The public inquiry is examining the role of regulatory bodies after a Healthcare Commission report found "appalling care" was provided at the hospital between 2005 and 2008.
Sir David Nicholson said that at the time he was more concerned about problems at other hospitals.
Outside the inquiry, campaigners heckled Sir David as he arrived.
Focus on costs
The 2009 Healthcare Commission report said there had been a higher than expected number of deaths at Stafford Hospital.
Sir David was answering questions about his time overseeing the creation of the West Midlands Strategic Health Authority.
In 2005, the region's three strategic health authorities were being merged into one organisation, a process which Sir David oversaw.
The focus was on reducing costs and he said that because the Mid Staffordshire NHS Trust, which runs Stafford Hospital, had a relatively small deficit, nobody raised any concerns.

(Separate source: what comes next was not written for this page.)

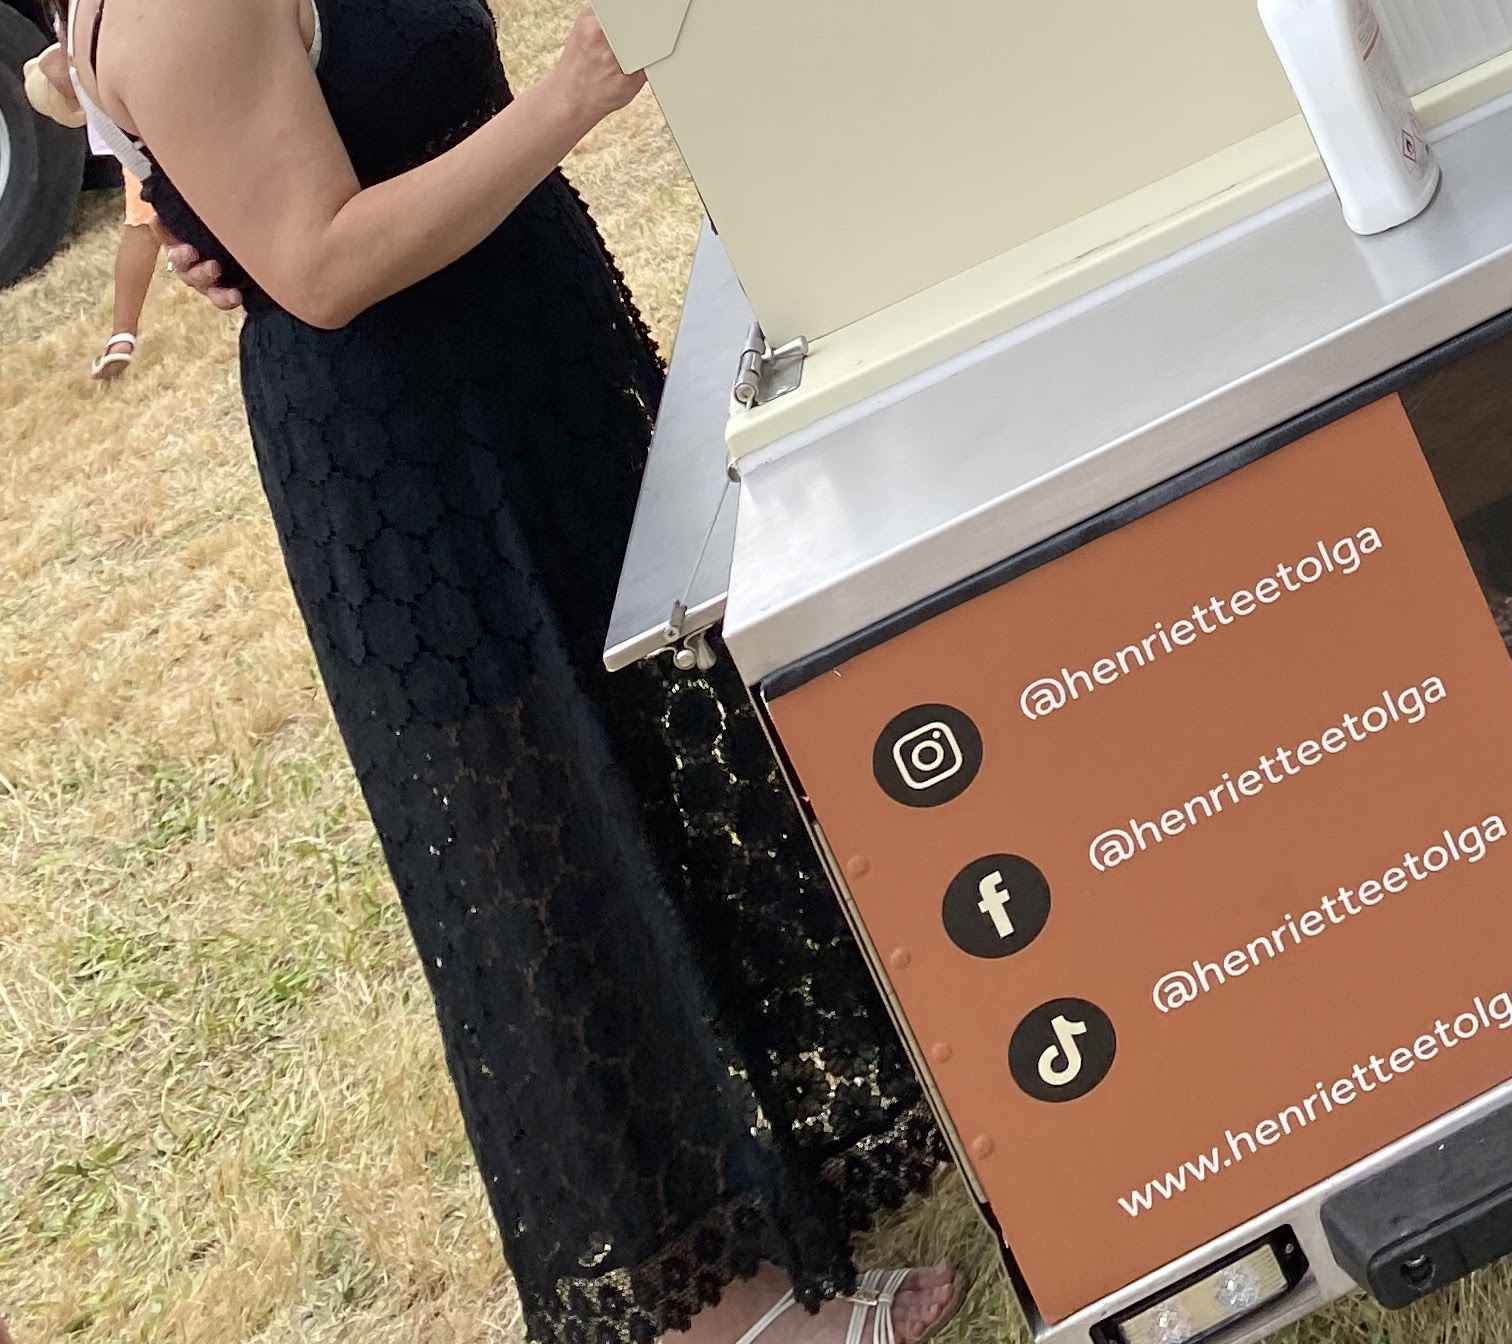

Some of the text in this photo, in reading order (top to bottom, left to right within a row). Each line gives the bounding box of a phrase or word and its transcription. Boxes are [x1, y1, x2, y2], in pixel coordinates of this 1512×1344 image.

[1019, 522, 1384, 721] @henrietteetolga
[1088, 672, 1448, 873] @henrietteetolga
[1152, 813, 1508, 1015] @henrietteetolga

During that same period other hospitals were running with much larger deficits, Sir David said.
The University Hospital of North Staffordshire was experiencing financial difficulties which led to resignations of the entire board.
'Lot better now'
Sir David appointed Martin Yeates as chief executive of Stafford Hospital, who left his post just days before the damning Healthcare Commission's report was published in 2009.
Sir David told the inquiry that that appointment should not have happened but he was the best candidate at the time.
"You were in a position where you had very little choice when you got down to picking a chief executive," Sir David said. "It's a lot better now."
It was confirmed earlier this month that Mr Yeates will not appear at the inquiry, giving a written statement instead.